Wineries, Consumers Challenge N.Y. Laws Barring Out-of-State Internet Wine Vendors

By David L. Hudson, Jr.

Two out-of-state wineries and three New York consumers have challenged New York State laws that prohibit the direct sale and advertising of alcoholic beverages by out-of-state suppliers to New York residents.

The plaintiffs, who call the New York laws the "Direct Shipment and Advertising Ban," allege that the laws violate the Interstate Commerce Clause, the Privileges and Immunities Clause, and the First Amendment. They allege that their "civil rights action ... seek[s] to vindicate economic liberty, consumer freedom, and freedom of speech."

New York law bans direct wine shipments from out-of-state wineries: "No alcoholic beverages shall be shipped into the state unless the same shall be consigned to a person duly li-censed hereunder to traffic in alcoholic beverages."

Another New York law states: "No person shall send or cause to be sent into the state any letter, postcard, circular, newspaper ... price list, or publication of any kind containing an advertisement or a solicitation of any order for any alcoholic beverages ... unless such person shall be duly licensed hereunder to traffic in alcoholic beverages."

In Swedenburg v. Kelly, the plaintiffs allege that "the Direct Shipment and Advertising Ban, on its face, prohibits in the most sweeping terms truthful information and advertising about wine, including but not limited to commercial speech."

The lawsuit states that the two wine producers would advertise and provide information about their wines to New York residents by mail, the Internet, and other means. The law-suit also contends that the three plaintiff-consumers wish to receive information, such as price listings, from out-of-state wineries.

The plaintiffs include Joshua Swedenburg, a Virginia winery owner, David Lucas, a California winery owner, and three New York wine consumers. The lawsuit contends that in January 2000 the three consumer-plaintiffs ordered wines from one or more of the plaintiff wineries but were denied because of the Direct Shipment and Advertising Ban.

The plaintiffs are represented by the Institute for Justice, a Washington, D.C., public interest law firm. The Institute contends that the law represents "pure economic protectionism" and unlawfully discriminates against out-of-state wineries.

Numerous wine wholesalers have intervened in the lawsuit to support the laws. They argue that the laws further the goals of temperance and of preventing the sale of alcohol to minors.

The Institute contends that the law represents "pure economic protectionism."

On its Web site, the Institute for Justice writes in "Uncorking Freedom" that "the real motivation behind the prohibition laws is not temperance, but protectionism."

The beneficiaries of these economic protectionist measures, the Institute says, are New York wine wholesalers who profit as those "duly licensed to traffic in alcoholic beverages."

New York officials may cite the Twenty-first Amendment, which repealed Prohibition, as justification for granting the states broad leeway to regulate alcohol.

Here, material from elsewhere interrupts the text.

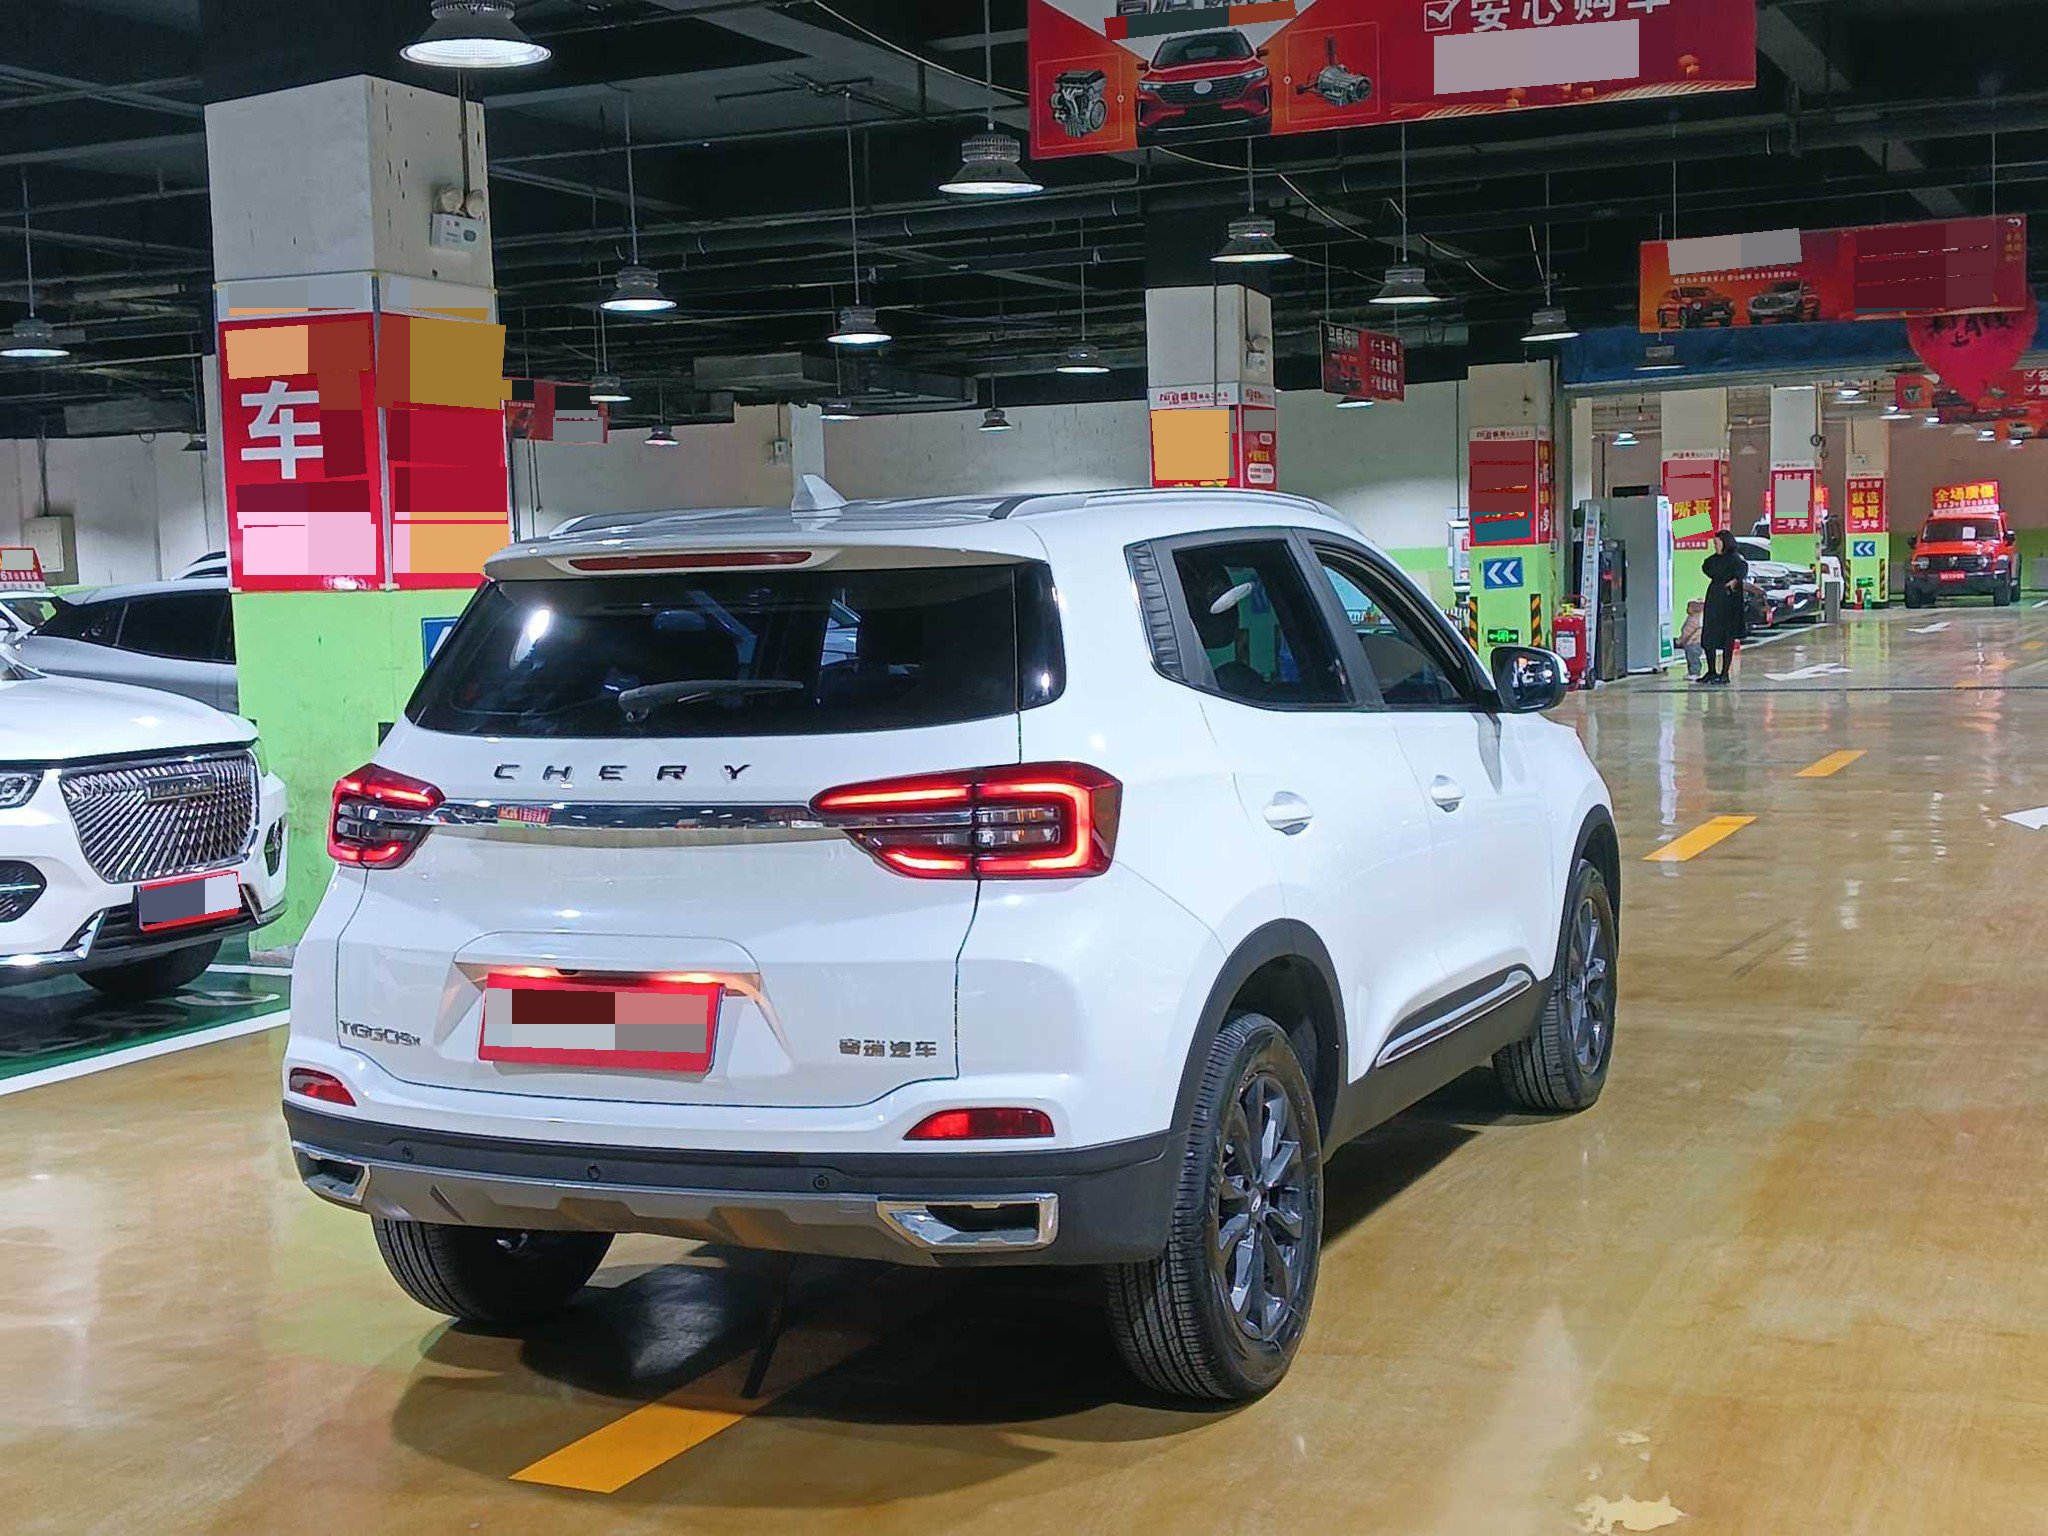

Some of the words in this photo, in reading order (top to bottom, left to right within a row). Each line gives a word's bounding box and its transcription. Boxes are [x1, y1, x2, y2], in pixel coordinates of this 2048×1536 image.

[241, 381, 323, 479] 车
[494, 764, 751, 781] CHERY
[840, 1039, 937, 1058] 奇瑞汽车

The Twenty-first Amendment provides that "the transportation or importation into any State ... for delivery or use therein of intoxicating liquors, in violation of the laws thereof, is hereby prohibited."

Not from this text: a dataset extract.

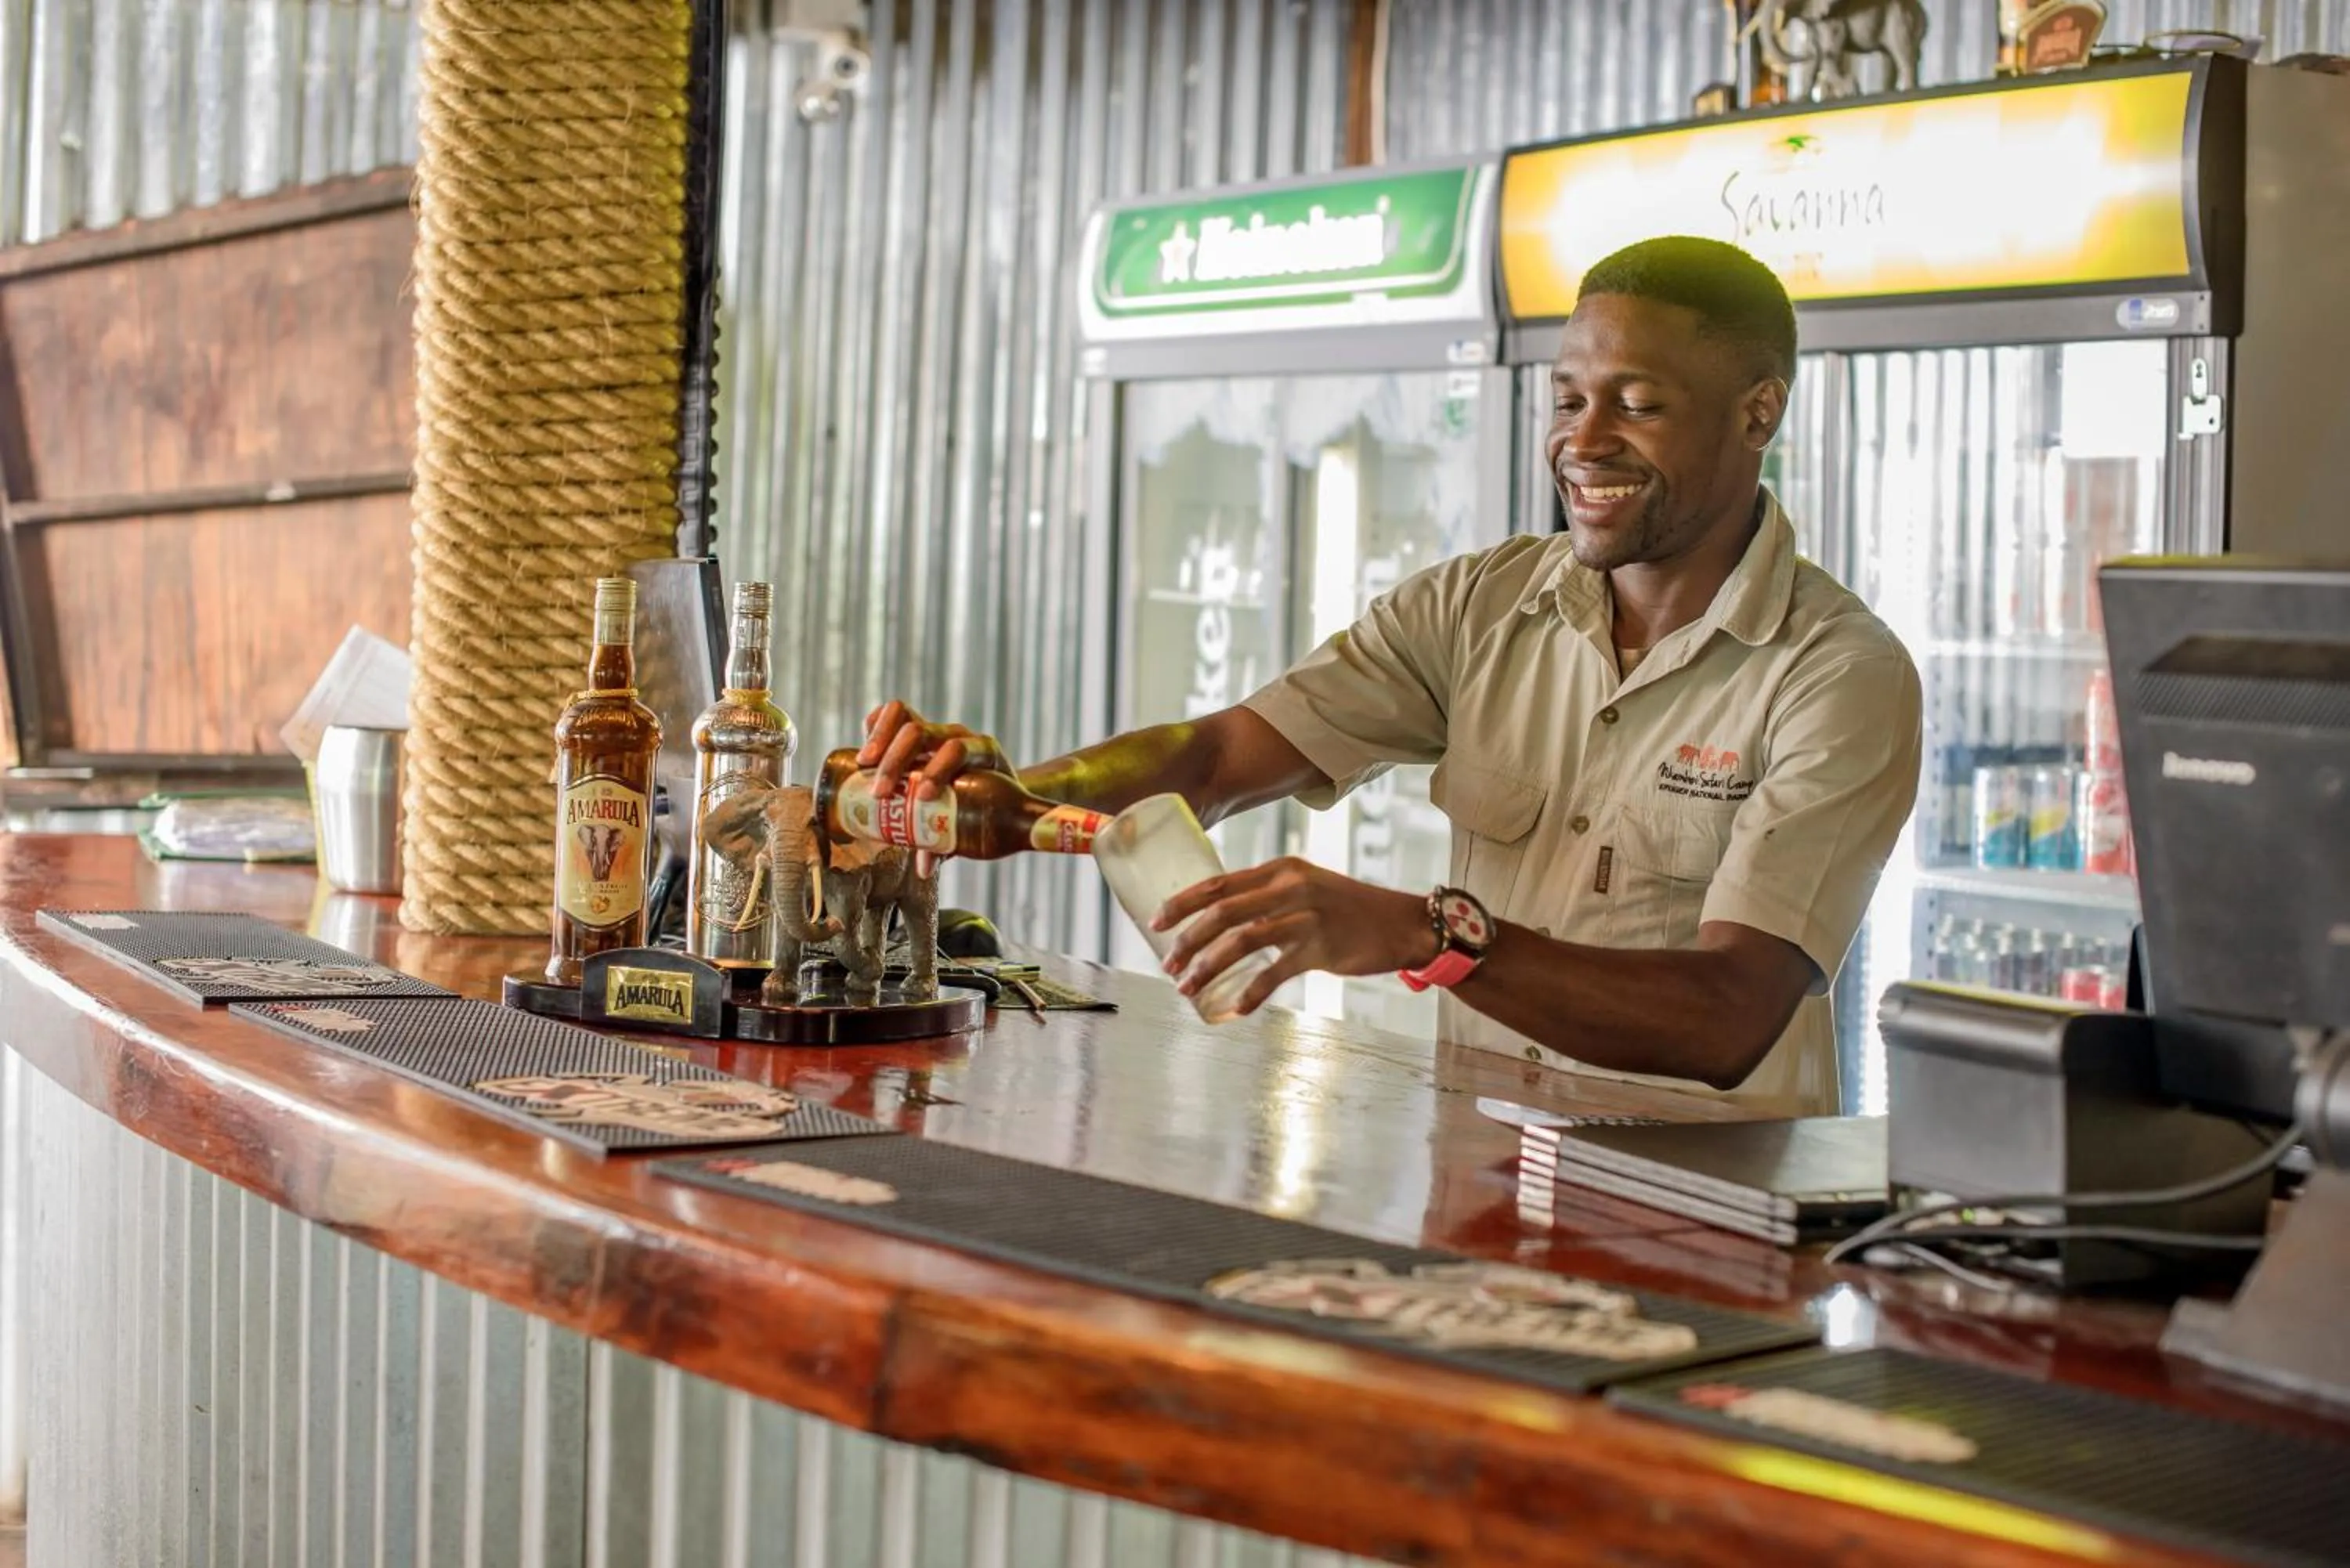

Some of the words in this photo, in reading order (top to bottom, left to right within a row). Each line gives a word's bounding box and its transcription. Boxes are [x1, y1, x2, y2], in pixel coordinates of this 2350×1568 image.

[1720, 169, 1885, 242] Savanna
[1726, 774, 1754, 794] Camp
[566, 798, 640, 828] AMARULA
[614, 984, 685, 1017] AMARULA

However, in 44 Liquormart the U.S. Supreme Court in 1996 struck down a state ban on liquor price ads, writing: "The Twenty-first Amendment cannot save Rhode Island's price advertising ban because that Amendment does not qualify the First Amendment's prohibition against laws abridging the freedom of speech."

The Institute for Justice contends that the case has "major Internet ramifications." It says that "if states are allowed to protect parochial economic interests by stifling consumer information, the vast promise of the Internet will be stifled."

The lawsuit was filed Feb. 3, 2000. Both parties have filed dispositive motions, which will be heard before the U.S. District Court for the Southern District of New York on July 21.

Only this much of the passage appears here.